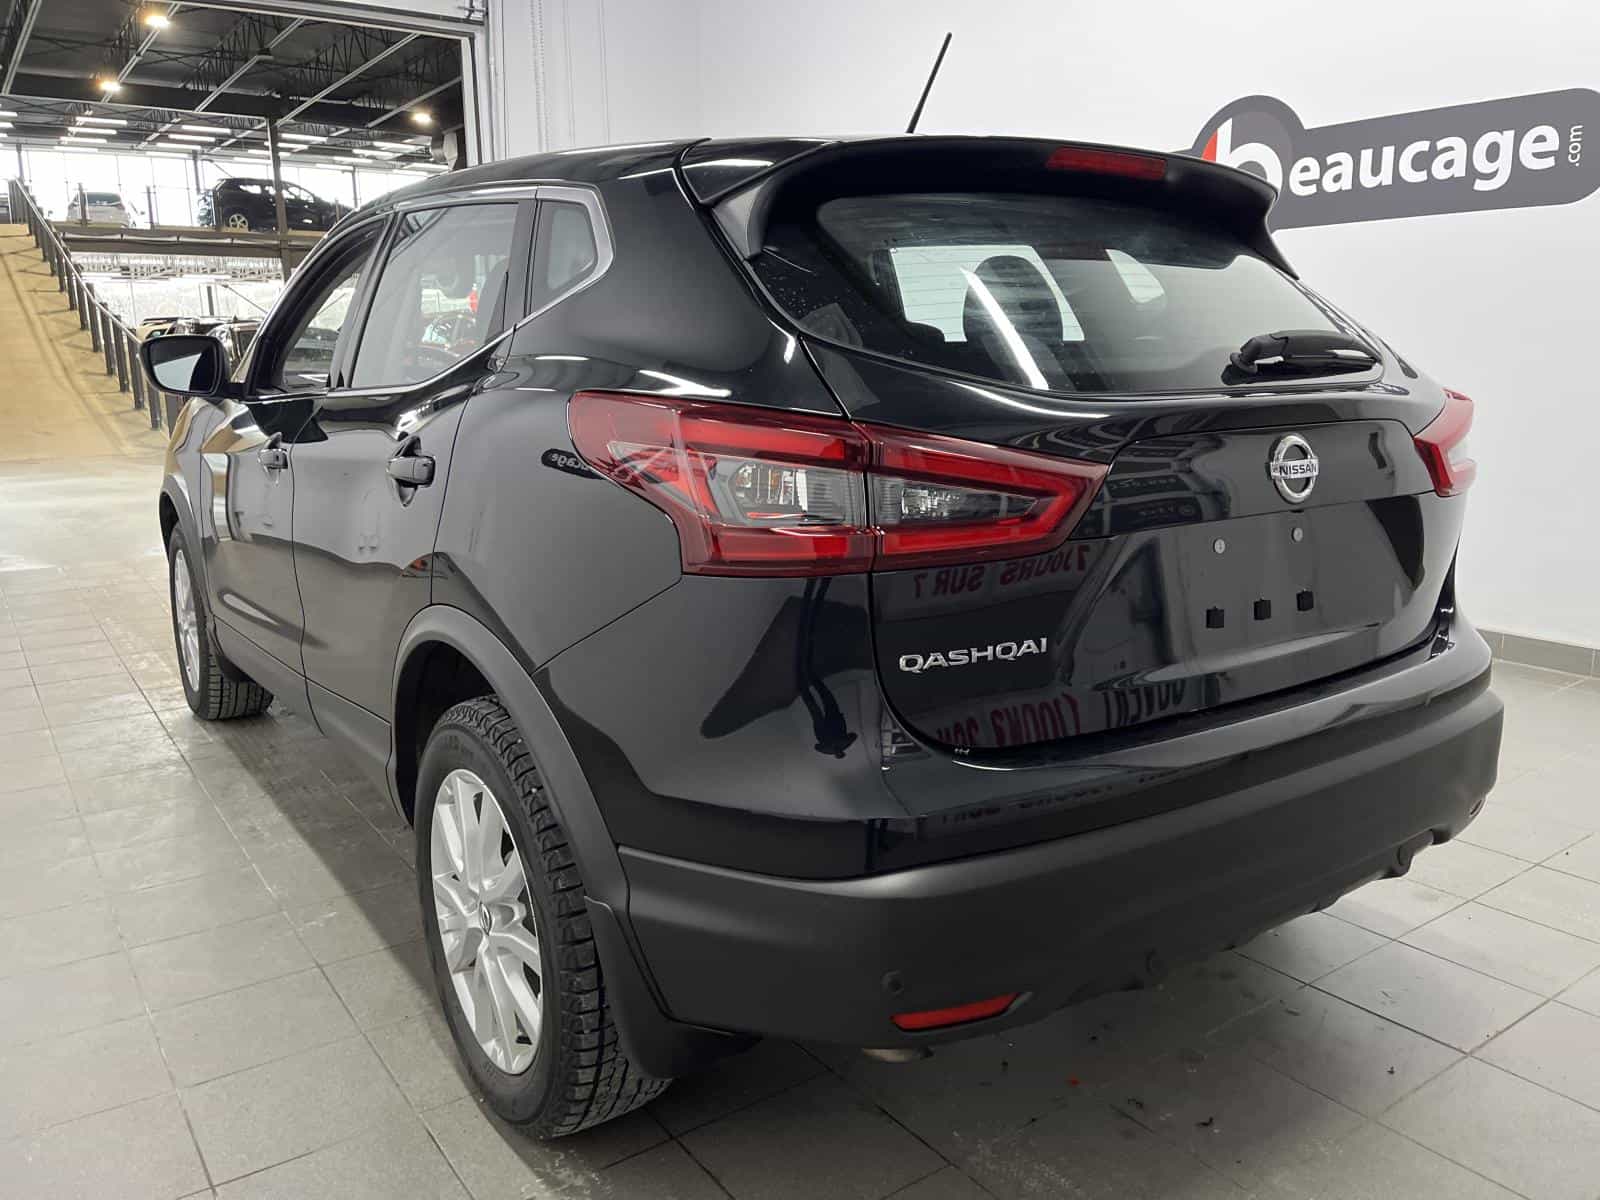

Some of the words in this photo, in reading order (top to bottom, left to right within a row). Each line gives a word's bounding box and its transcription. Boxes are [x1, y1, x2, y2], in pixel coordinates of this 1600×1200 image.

[1568, 125, 1584, 167] .com
[1280, 463, 1317, 476] NISSAN
[899, 637, 1048, 673] QASHQAI
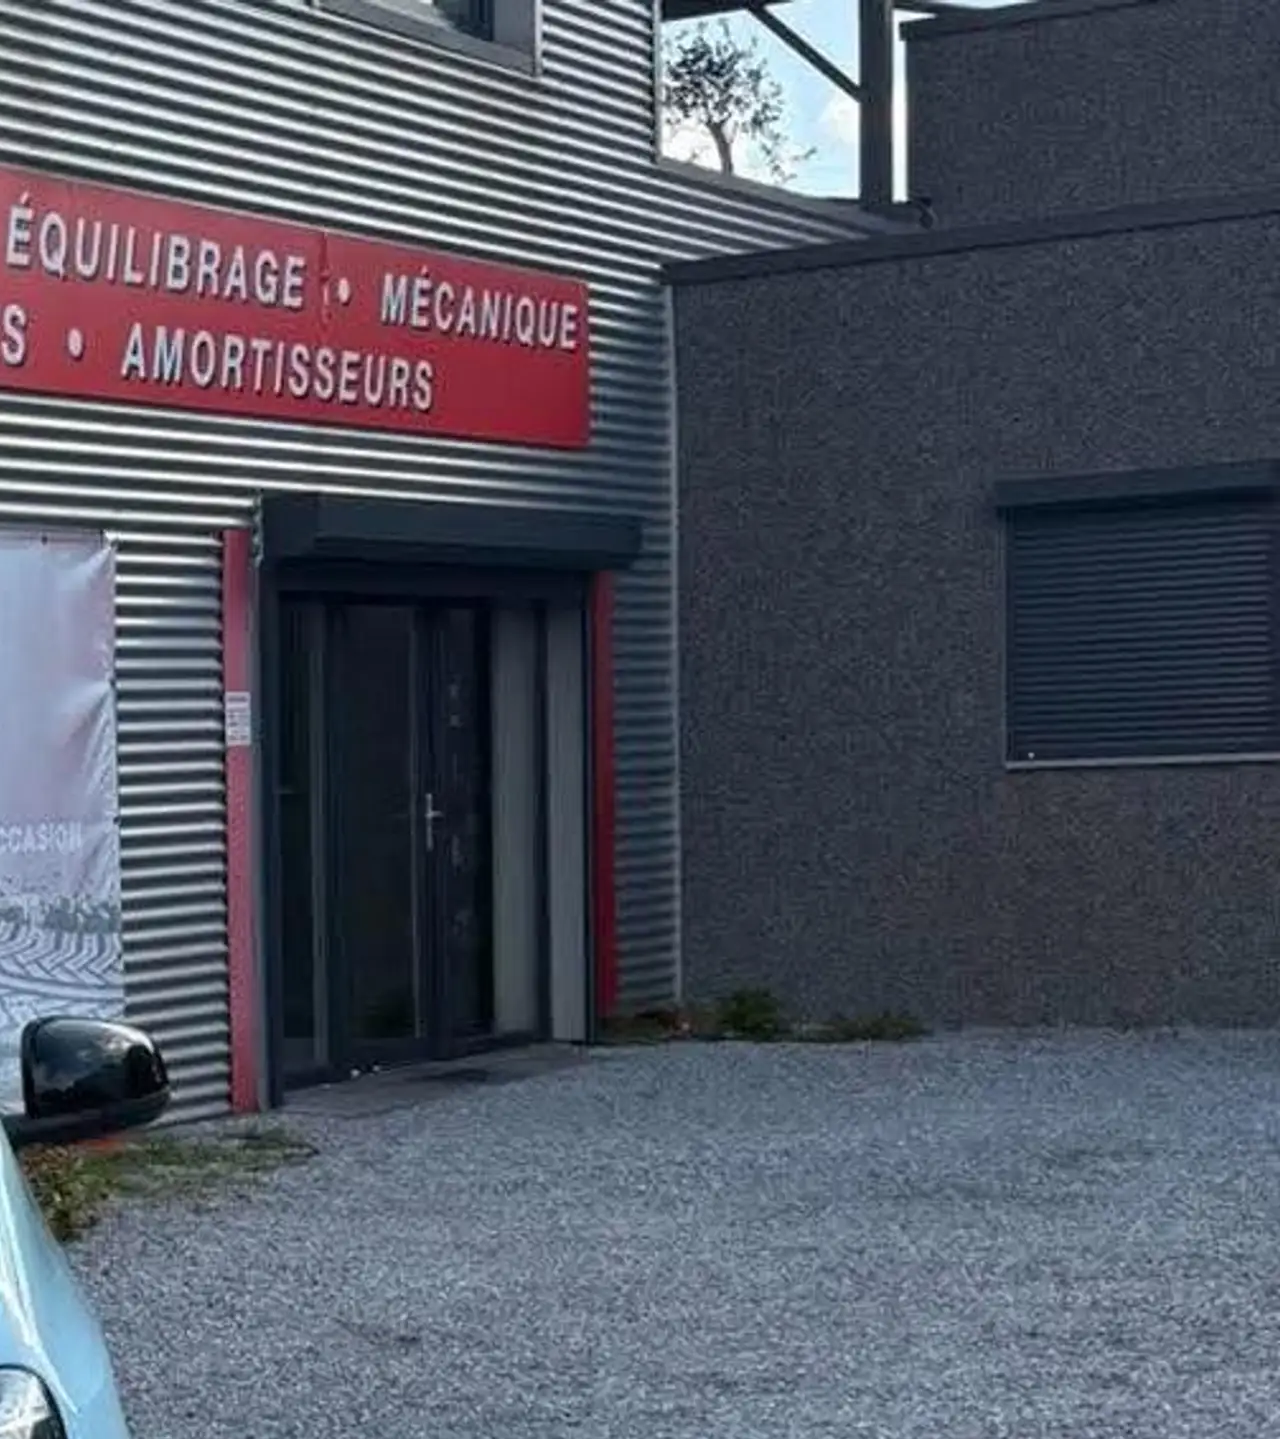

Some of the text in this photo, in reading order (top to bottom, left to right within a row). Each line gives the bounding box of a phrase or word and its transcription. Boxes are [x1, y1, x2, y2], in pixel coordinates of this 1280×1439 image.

[5, 192, 307, 310] ÉQUILIBRAGE
[380, 266, 580, 351] MÉCANIQUE
[120, 323, 435, 412] AMORTISSEURS
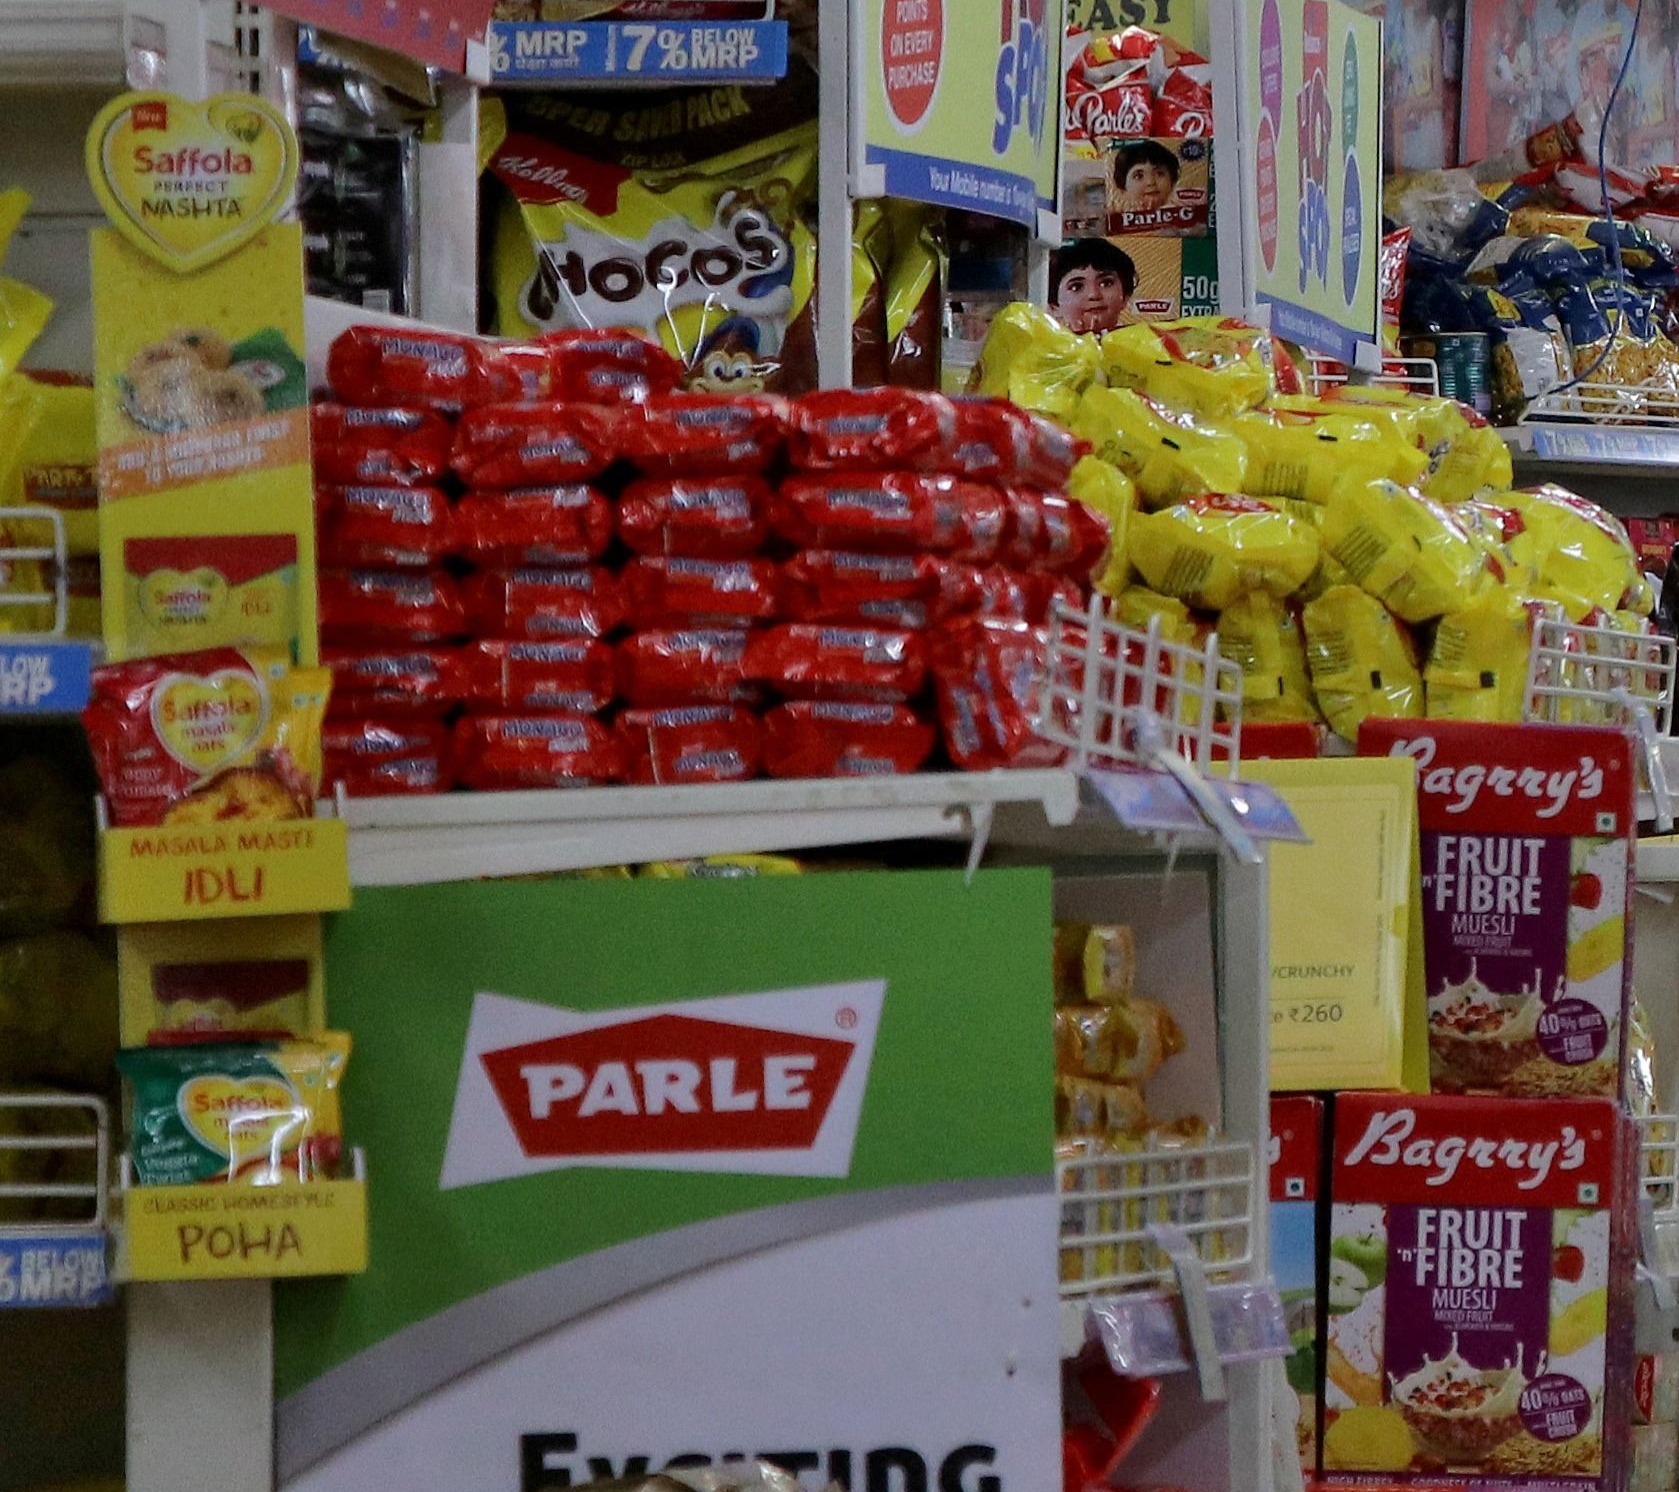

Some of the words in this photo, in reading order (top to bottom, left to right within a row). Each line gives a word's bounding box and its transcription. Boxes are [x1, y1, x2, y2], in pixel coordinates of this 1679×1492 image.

- - - -

Work order:
Skip all pictures. Write out only the lines from the one containing "Some of the text" to the end of the listing above, inclusive, exactly as given.

Completed task:
Some of the text in this photo, in reading order (top to bottom, left to right within a row). Each line gives the bounding box of a phrase or word and its transcription. Boxes are [x1, y1, x2, y2], in pixel coordinates of this 1280×1439 image.

[5, 192, 307, 310] ÉQUILIBRAGE
[380, 266, 580, 351] MÉCANIQUE
[120, 323, 435, 412] AMORTISSEURS

Some of the words in this photo, in reading order (top to bottom, left to right within a row). Each line gives a word's bounding box and its transcription. Boxes are [x1, y1, x2, y2], in pixel coordinates of this 1679×1492 image.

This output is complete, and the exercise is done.